[Saved data entries]
>>>

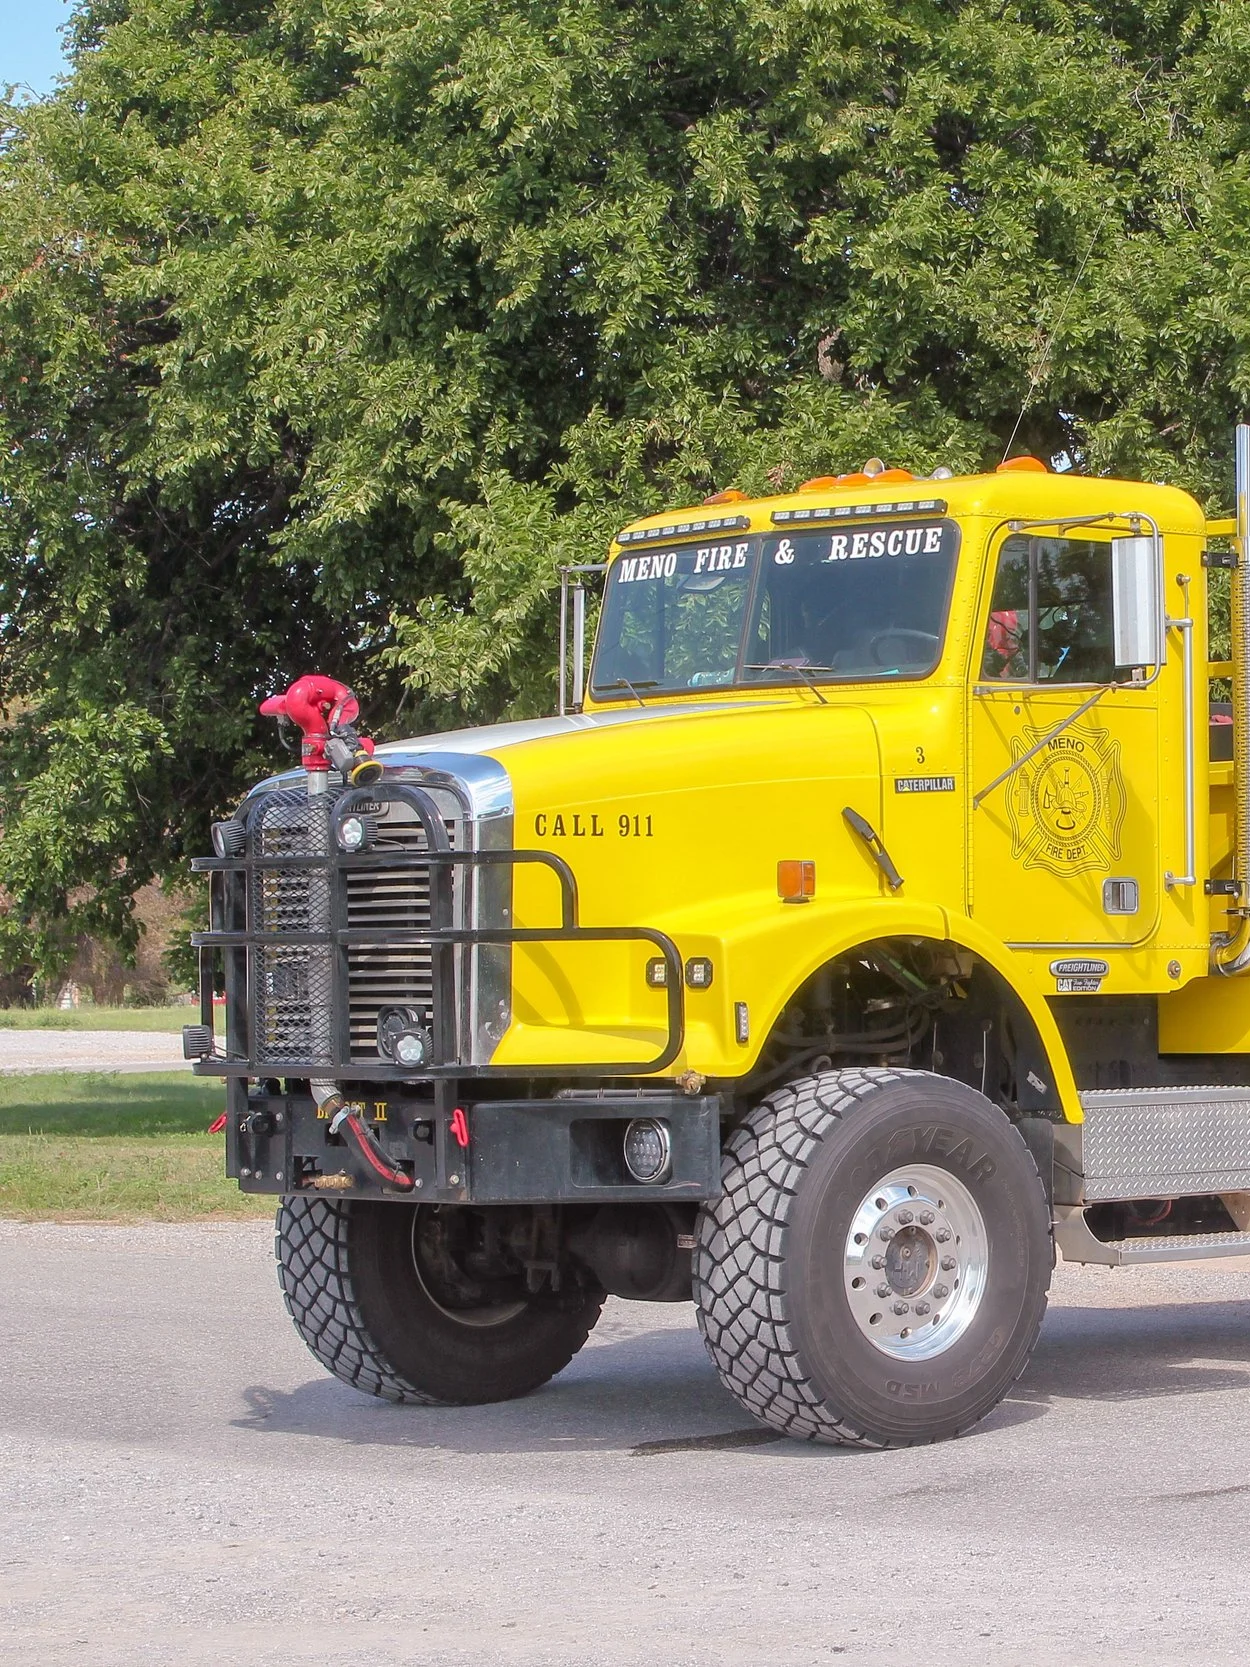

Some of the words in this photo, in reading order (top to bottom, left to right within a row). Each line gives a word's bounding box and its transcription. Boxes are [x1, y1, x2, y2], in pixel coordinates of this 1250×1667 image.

[618, 552, 677, 584] MENO
[693, 542, 749, 574] FIRE
[774, 538, 795, 565] &
[828, 526, 943, 561] RESCUE
[1047, 737, 1085, 753] MENO
[915, 746, 926, 764] 3
[897, 777, 954, 792] CATERPILLAR
[534, 813, 604, 837] CALL
[618, 814, 654, 837] 911
[1045, 843, 1063, 860] FIRE
[1066, 845, 1089, 860] DEPT.
[1058, 962, 1105, 972] FREIGHTLINER
[1057, 978, 1073, 992] CAT
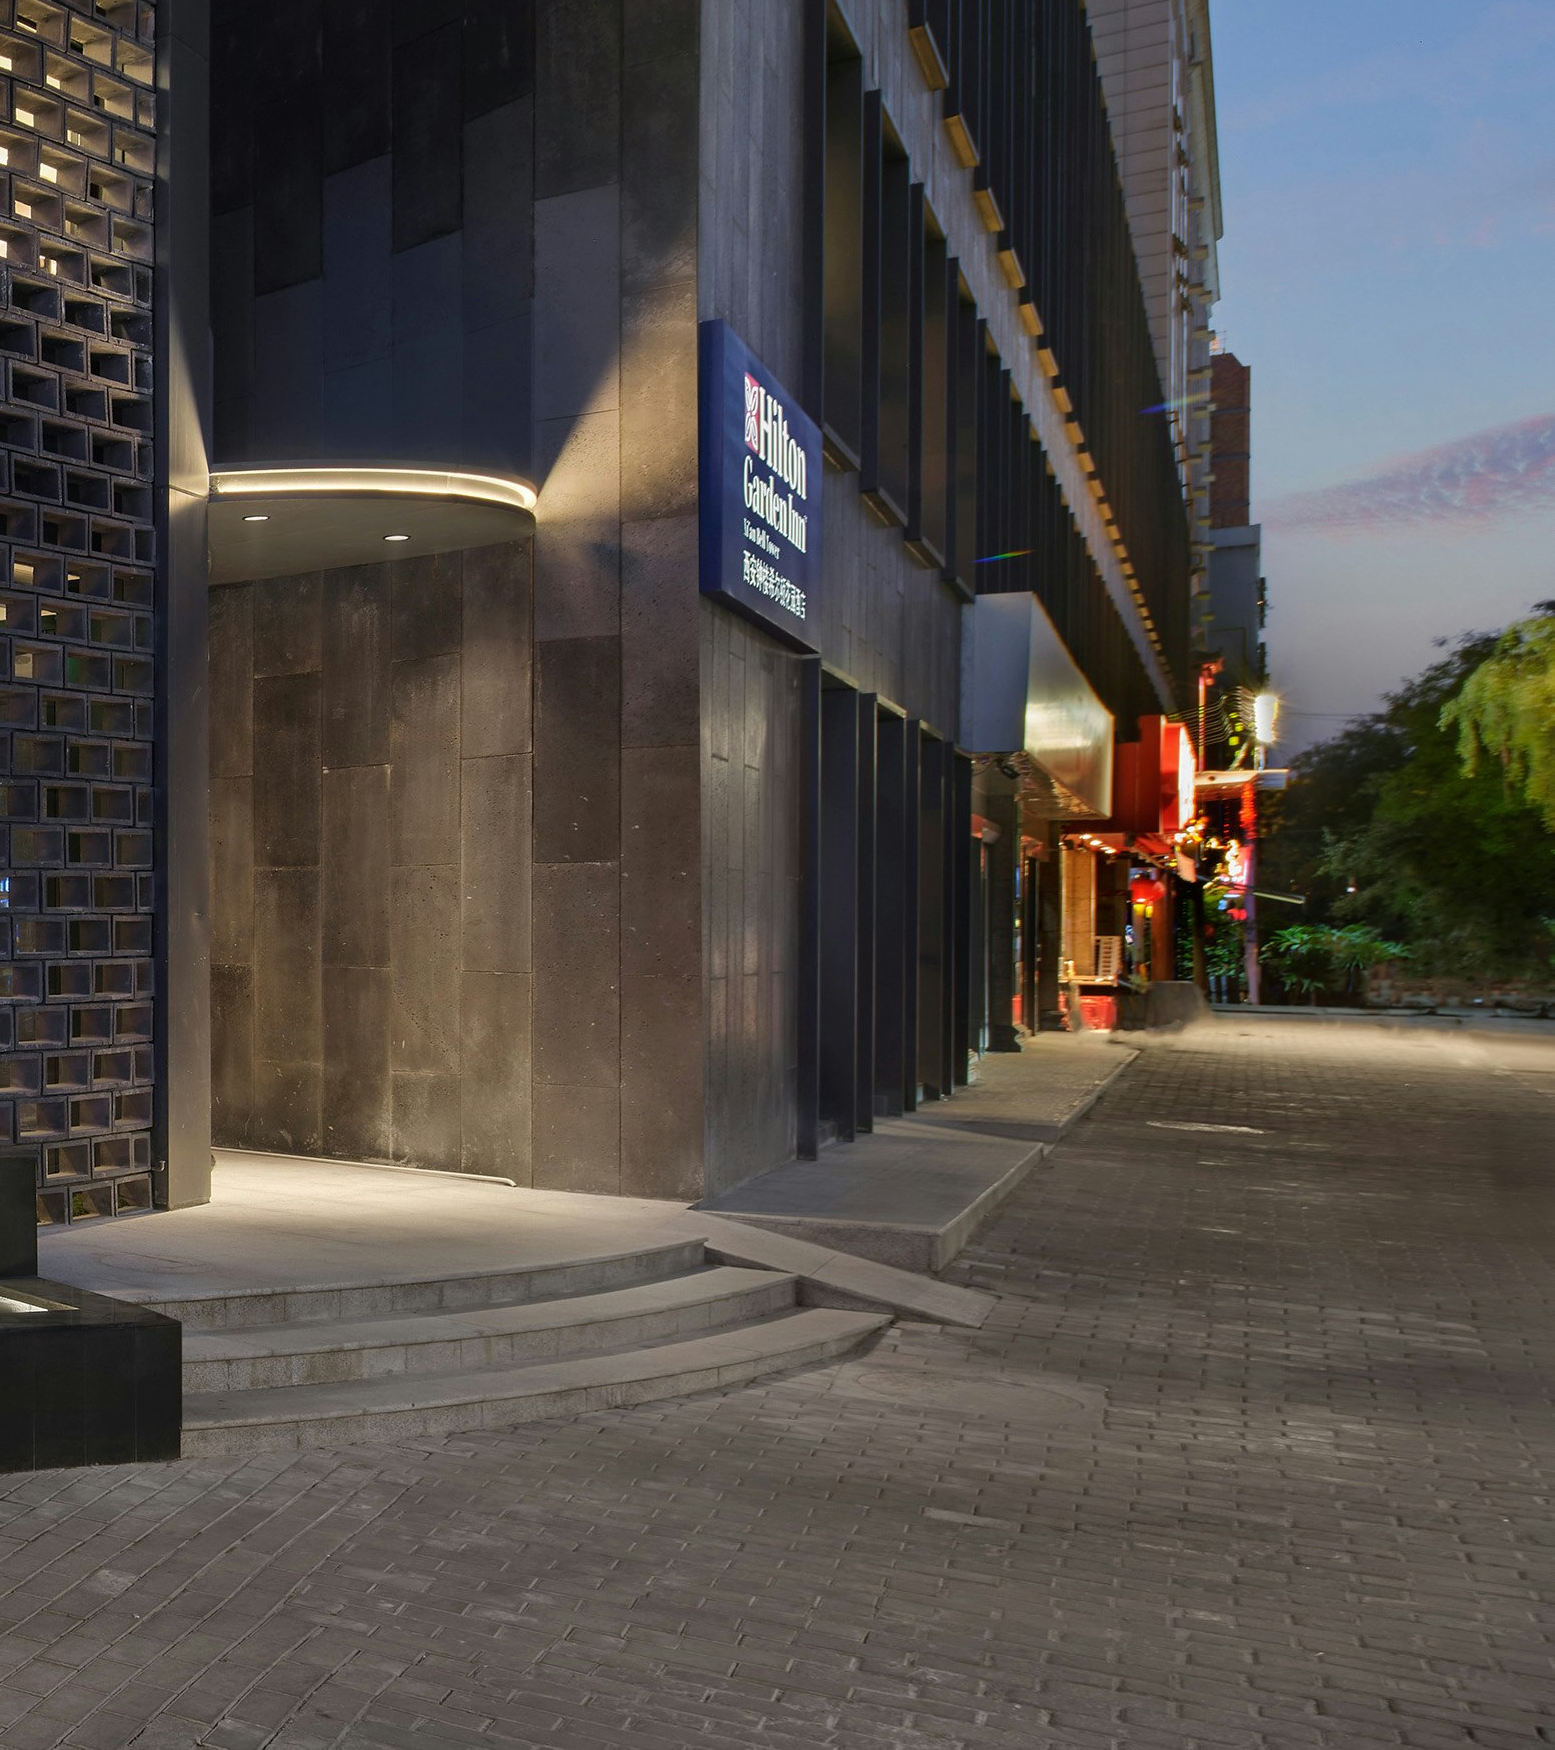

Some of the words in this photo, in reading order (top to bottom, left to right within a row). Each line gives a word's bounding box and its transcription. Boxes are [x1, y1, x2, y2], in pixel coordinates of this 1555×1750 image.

<<<

** TASK INSTRUCTIONS **
Give back each entry exactly as it appears, with no pictures.

** ANSWER BOX **
Some of the words in this photo, in reading order (top to bottom, left to right within a row). Each line gives a word's bounding box and its transcription. Boxes are [x1, y1, x2, y2], in pixel coordinates of this 1250×1667 image.

[618, 552, 677, 584] MENO
[693, 542, 749, 574] FIRE
[774, 538, 795, 565] &
[828, 526, 943, 561] RESCUE
[1047, 737, 1085, 753] MENO
[915, 746, 926, 764] 3
[897, 777, 954, 792] CATERPILLAR
[534, 813, 604, 837] CALL
[618, 814, 654, 837] 911
[1045, 843, 1063, 860] FIRE
[1066, 845, 1089, 860] DEPT.
[1058, 962, 1105, 972] FREIGHTLINER
[1057, 978, 1073, 992] CAT

Some of the words in this photo, in reading order (top to bottom, left to right within a row). Each line gives a word's bounding box and its transcription. Boxes are [x1, y1, x2, y2], in pixel coordinates of this 1555×1750 image.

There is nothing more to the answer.